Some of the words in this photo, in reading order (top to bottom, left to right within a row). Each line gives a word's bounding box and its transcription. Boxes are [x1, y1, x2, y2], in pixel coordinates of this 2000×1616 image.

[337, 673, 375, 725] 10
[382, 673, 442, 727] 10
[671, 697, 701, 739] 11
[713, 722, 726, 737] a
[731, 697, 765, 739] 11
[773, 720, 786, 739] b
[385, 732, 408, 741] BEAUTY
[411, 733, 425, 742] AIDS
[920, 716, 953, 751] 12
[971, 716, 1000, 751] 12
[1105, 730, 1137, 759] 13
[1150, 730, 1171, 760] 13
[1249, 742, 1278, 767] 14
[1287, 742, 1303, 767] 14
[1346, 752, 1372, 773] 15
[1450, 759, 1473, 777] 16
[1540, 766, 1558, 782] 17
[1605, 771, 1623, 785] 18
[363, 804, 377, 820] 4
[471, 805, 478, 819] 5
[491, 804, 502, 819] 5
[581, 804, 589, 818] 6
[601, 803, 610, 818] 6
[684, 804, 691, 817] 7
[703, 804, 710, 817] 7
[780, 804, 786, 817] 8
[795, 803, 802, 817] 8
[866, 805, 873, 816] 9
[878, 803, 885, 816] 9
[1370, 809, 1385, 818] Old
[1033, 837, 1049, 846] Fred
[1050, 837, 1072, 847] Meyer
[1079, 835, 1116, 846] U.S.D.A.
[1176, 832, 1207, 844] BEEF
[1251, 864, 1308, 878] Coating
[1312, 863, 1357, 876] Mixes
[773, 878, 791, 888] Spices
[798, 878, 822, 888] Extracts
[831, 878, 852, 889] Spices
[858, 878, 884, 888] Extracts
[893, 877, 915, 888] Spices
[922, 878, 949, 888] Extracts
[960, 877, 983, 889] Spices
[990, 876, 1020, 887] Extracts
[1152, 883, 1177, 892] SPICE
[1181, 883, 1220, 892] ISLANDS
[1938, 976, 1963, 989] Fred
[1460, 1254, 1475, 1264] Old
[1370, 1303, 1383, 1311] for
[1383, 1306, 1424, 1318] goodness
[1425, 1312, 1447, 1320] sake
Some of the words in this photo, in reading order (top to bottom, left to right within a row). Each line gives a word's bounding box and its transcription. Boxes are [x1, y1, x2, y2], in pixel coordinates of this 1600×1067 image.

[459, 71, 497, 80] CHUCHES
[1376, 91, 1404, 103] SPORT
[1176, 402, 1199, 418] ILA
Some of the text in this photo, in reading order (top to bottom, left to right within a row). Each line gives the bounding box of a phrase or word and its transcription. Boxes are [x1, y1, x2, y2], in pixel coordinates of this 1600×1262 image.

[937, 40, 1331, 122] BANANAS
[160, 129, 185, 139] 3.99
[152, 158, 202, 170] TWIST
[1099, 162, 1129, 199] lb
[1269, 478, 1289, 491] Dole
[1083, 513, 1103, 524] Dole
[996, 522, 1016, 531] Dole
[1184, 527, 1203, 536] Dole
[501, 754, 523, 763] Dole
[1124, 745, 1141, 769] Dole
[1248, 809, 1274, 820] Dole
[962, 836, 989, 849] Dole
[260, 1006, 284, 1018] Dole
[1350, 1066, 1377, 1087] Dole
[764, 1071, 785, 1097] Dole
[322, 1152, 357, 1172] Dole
———
Directions for this task
Repeat all of the material, exactly as it reads.

Task solution
Some of the words in this photo, in reading order (top to bottom, left to right within a row). Each line gives a word's bounding box and its transcription. Boxes are [x1, y1, x2, y2], in pixel coordinates of this 2000×1616 image.

[337, 673, 375, 725] 10
[382, 673, 442, 727] 10
[671, 697, 701, 739] 11
[713, 722, 726, 737] a
[731, 697, 765, 739] 11
[773, 720, 786, 739] b
[385, 732, 408, 741] BEAUTY
[411, 733, 425, 742] AIDS
[920, 716, 953, 751] 12
[971, 716, 1000, 751] 12
[1105, 730, 1137, 759] 13
[1150, 730, 1171, 760] 13
[1249, 742, 1278, 767] 14
[1287, 742, 1303, 767] 14
[1346, 752, 1372, 773] 15
[1450, 759, 1473, 777] 16
[1540, 766, 1558, 782] 17
[1605, 771, 1623, 785] 18
[363, 804, 377, 820] 4
[471, 805, 478, 819] 5
[491, 804, 502, 819] 5
[581, 804, 589, 818] 6
[601, 803, 610, 818] 6
[684, 804, 691, 817] 7
[703, 804, 710, 817] 7
[780, 804, 786, 817] 8
[795, 803, 802, 817] 8
[866, 805, 873, 816] 9
[878, 803, 885, 816] 9
[1370, 809, 1385, 818] Old
[1033, 837, 1049, 846] Fred
[1050, 837, 1072, 847] Meyer
[1079, 835, 1116, 846] U.S.D.A.
[1176, 832, 1207, 844] BEEF
[1251, 864, 1308, 878] Coating
[1312, 863, 1357, 876] Mixes
[773, 878, 791, 888] Spices
[798, 878, 822, 888] Extracts
[831, 878, 852, 889] Spices
[858, 878, 884, 888] Extracts
[893, 877, 915, 888] Spices
[922, 878, 949, 888] Extracts
[960, 877, 983, 889] Spices
[990, 876, 1020, 887] Extracts
[1152, 883, 1177, 892] SPICE
[1181, 883, 1220, 892] ISLANDS
[1938, 976, 1963, 989] Fred
[1460, 1254, 1475, 1264] Old
[1370, 1303, 1383, 1311] for
[1383, 1306, 1424, 1318] goodness
[1425, 1312, 1447, 1320] sake
Some of the words in this photo, in reading order (top to bottom, left to right within a row). Each line gives a word's bounding box and its transcription. Boxes are [x1, y1, x2, y2], in pixel coordinates of this 1600×1067 image.

[459, 71, 497, 80] CHUCHES
[1376, 91, 1404, 103] SPORT
[1176, 402, 1199, 418] ILA
Some of the text in this photo, in reading order (top to bottom, left to right within a row). Each line gives the bounding box of a phrase or word and its transcription. Boxes are [x1, y1, x2, y2], in pixel coordinates of this 1600×1262 image.

[937, 40, 1331, 122] BANANAS
[160, 129, 185, 139] 3.99
[152, 158, 202, 170] TWIST
[1099, 162, 1129, 199] lb
[1269, 478, 1289, 491] Dole
[1083, 513, 1103, 524] Dole
[996, 522, 1016, 531] Dole
[1184, 527, 1203, 536] Dole
[501, 754, 523, 763] Dole
[1124, 745, 1141, 769] Dole
[1248, 809, 1274, 820] Dole
[962, 836, 989, 849] Dole
[260, 1006, 284, 1018] Dole
[1350, 1066, 1377, 1087] Dole
[764, 1071, 785, 1097] Dole
[322, 1152, 357, 1172] Dole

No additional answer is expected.